Sul sogno Italia e sul nuovo corso Mancini: "Assolutamente, vestire la casacca della nazionale sarebbe un sogno. Quando un mister della nazionale chiama ragazzi così giovani ti viene voglia ogni giorno di fare di più e sperare in una sua chiamata".

Sui racconti di Chiesa da Coverciano: "No, di questo non abbiamo mai parlato sinceramente".

Sull'ipotesi prestito a gennaio: "Normale che qualsiasi giocatore vorrebbe giocare di più. Là davanti siamo tanti e c'è concorrenza, finora però mi sono sempre allenato al massimo e dipenderà dal mister se giocherò ancora o meno. Da qui a gennaio vediamo come si evolvono le cose, e si vedrà".

Sulla partita contro la Juve: "A Firenze questa partita si sente in modo particolare, me la spiegano ormai da quando sono arrivato. Vogliamo affrontarla in modo da regalare magari una vittoria alla nostra gente. Sarebbe bellissimo. Prima però c'è il Bologna, poi penseremo a loro".

Su Cristiano Ronaldo: "Fin da quando son piccolo lo vedevo in tv con mio padre ed è sempre stato il mio idolo. Vederlo dal vivo mi farà un grosso effetto. Potrei anche chiedergli la maglia, ma chissà in quanti vorranno farlo".

Sulle differenze tra casa e trasferta: "Al Franchi abbiamo la spinta del pubblico che è la cosa più importante ed è più facile giocare. Fuori ci è mancata, come dice anche il mister, un po' di cattiveria sotto porta. Però abbiamo fatto grandi prestazioni, tipo a Milano con l'Inter, quindi non penso sia quello il problema".

Su Pjaca: "Marko è un gran giocatore, è arrivato da un periodo in cui è stato fermo. Sono convinto che entrerà in forma e farà bene. Ha grandi qualità".

Su Simeone: "Sono periodi così, succedono a tutti gli attaccanti persino a Ronaldo nella Juve. Non è che se non segna per un momento allora diventa un giocatore che non c'è più... Cholito ha sempre fatto gol, e sono convinto che quando tornerà a buttarla dentro ne farà tanti altri".

Sull'infortunio di Pezzella: "Lui è un grandissimo valore aggiunto ed è normale che la sua assenza si farà sentire".

Sulle gerarchie della fascia da capitano: "Io essendo anche giovane non le so queste cose. Spetta al mister, e chiunque sarà lo sceglierà lui. Magari lo stesso Federico (Chiesa, ndr) che rappresenta Firenze".

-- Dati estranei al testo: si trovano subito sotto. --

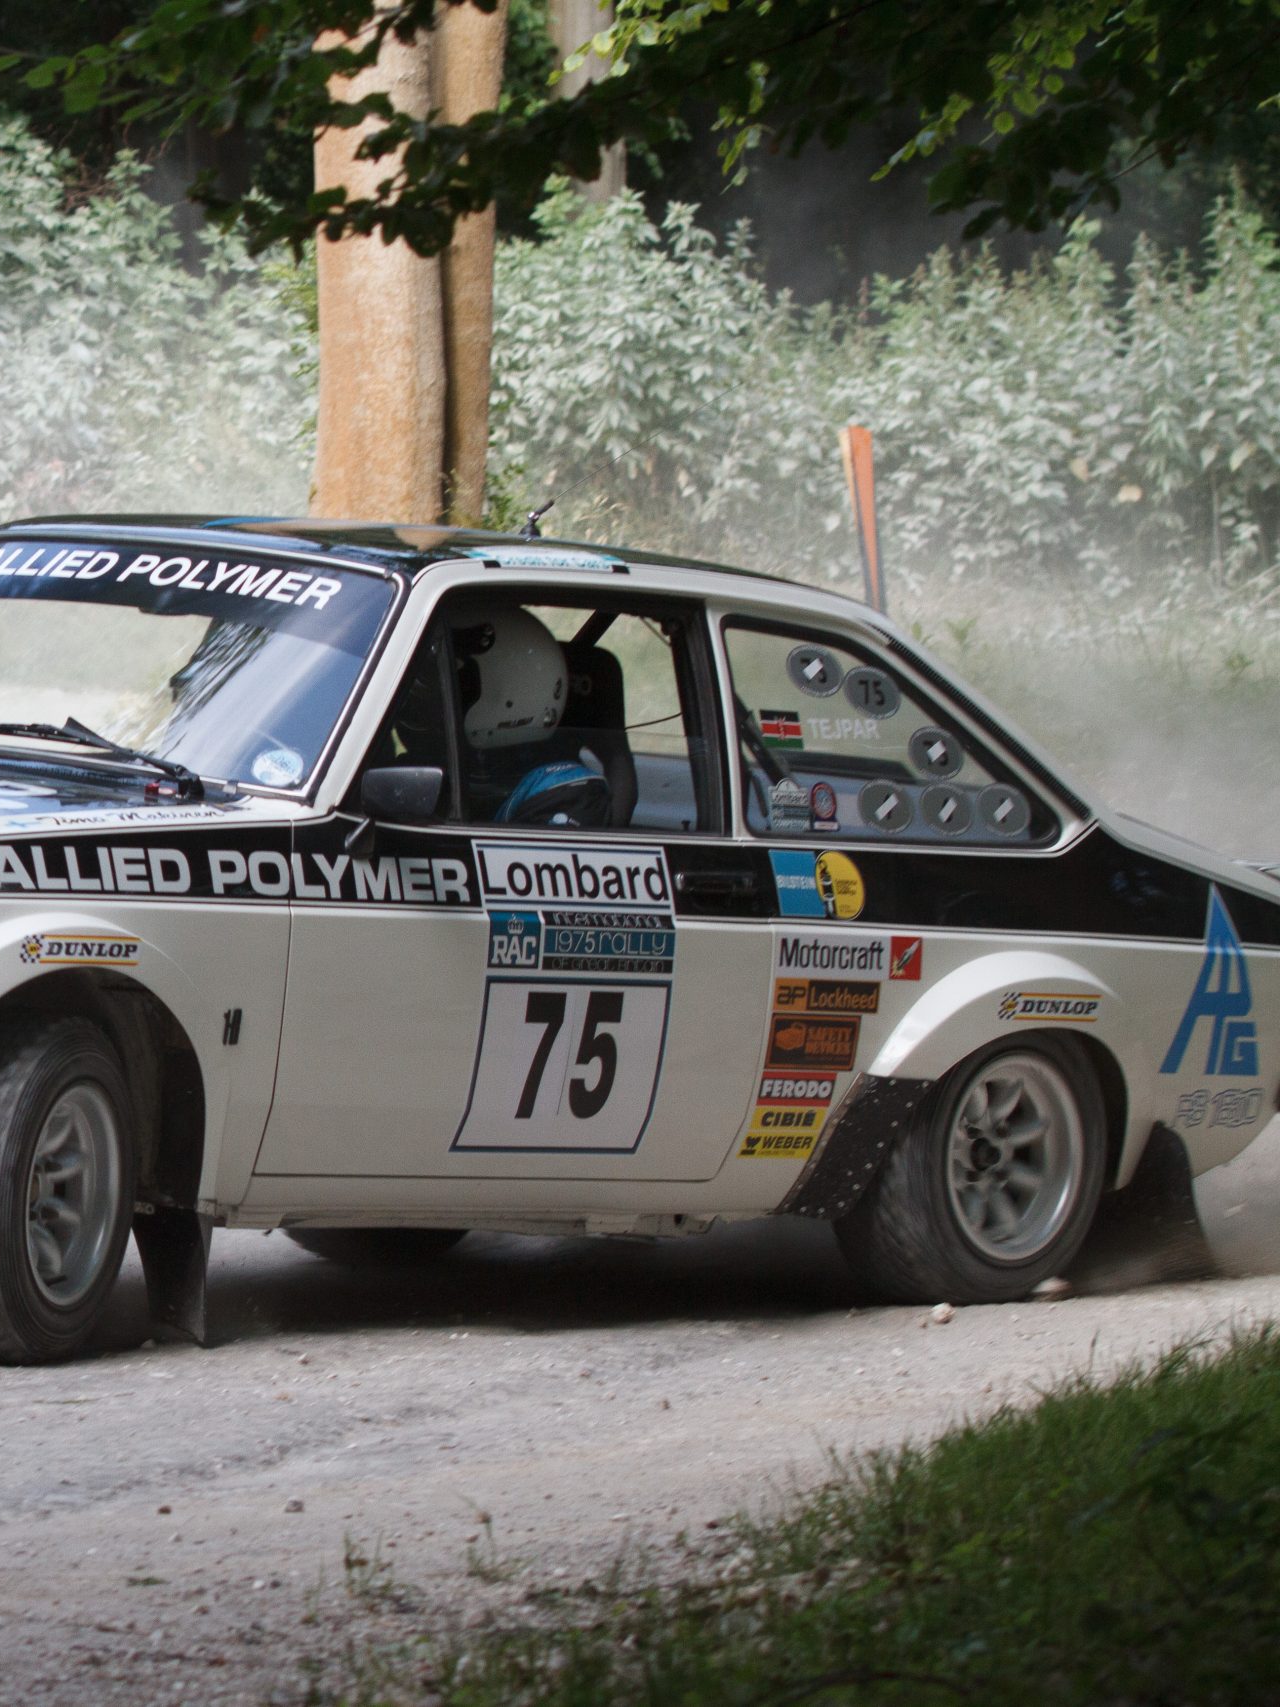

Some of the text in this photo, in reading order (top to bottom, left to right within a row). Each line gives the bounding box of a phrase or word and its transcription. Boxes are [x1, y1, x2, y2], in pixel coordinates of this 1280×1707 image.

Su Montiel e Vlahovic: "Sono giovani e molto bravi, si allenano sempre con noi. Hanno fatto vedere buone cose in ritiro e sono sicuro che faranno un gran lavoro".

Sul rapporto con Pioli: "Il mister aiuta tanto i giovani. Ho un ottimo rapporto con lui e ogni giorno mi ripete che devo migliorare. Nello spogliatoio German è capitano, e quindi ci dà una mano. Ma tutti lo fanno con gli altri: non è un problema prendere consigli".